● Exercise instructions:
From the first line to the last, restate the material word for word, omitting pictures.

● Record set:
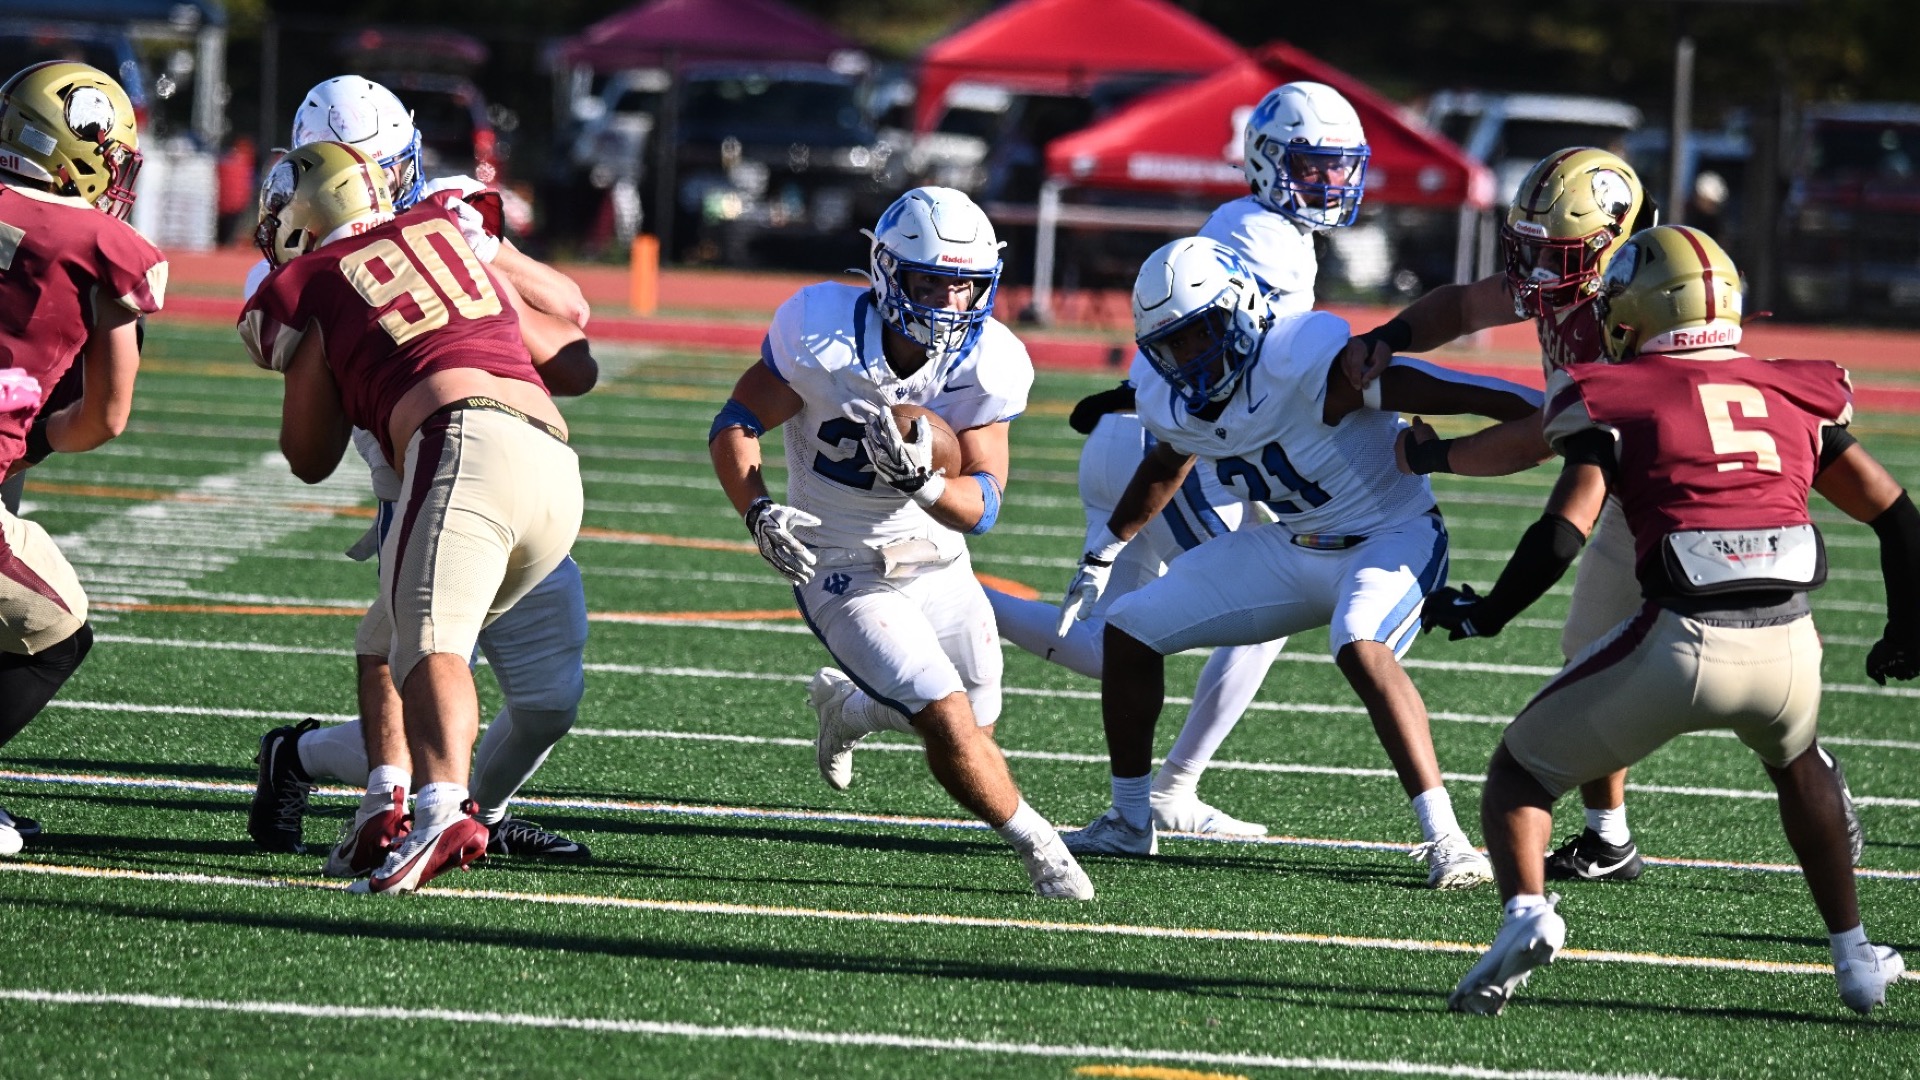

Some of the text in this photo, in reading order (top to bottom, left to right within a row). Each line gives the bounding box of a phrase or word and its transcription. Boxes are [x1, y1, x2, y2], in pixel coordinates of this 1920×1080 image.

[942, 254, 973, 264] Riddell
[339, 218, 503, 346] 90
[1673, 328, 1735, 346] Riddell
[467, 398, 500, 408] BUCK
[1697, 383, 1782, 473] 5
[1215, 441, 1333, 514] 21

● The answer:
Some of the text in this photo, in reading order (top to bottom, left to right within a row). Each line gives the bounding box of a phrase or word and its transcription. Boxes are [x1, y1, x2, y2], in pixel coordinates of this 1920×1080 image.

[942, 254, 973, 264] Riddell
[339, 218, 503, 346] 90
[1673, 328, 1735, 346] Riddell
[467, 398, 500, 408] BUCK
[1697, 383, 1782, 473] 5
[1215, 441, 1333, 514] 21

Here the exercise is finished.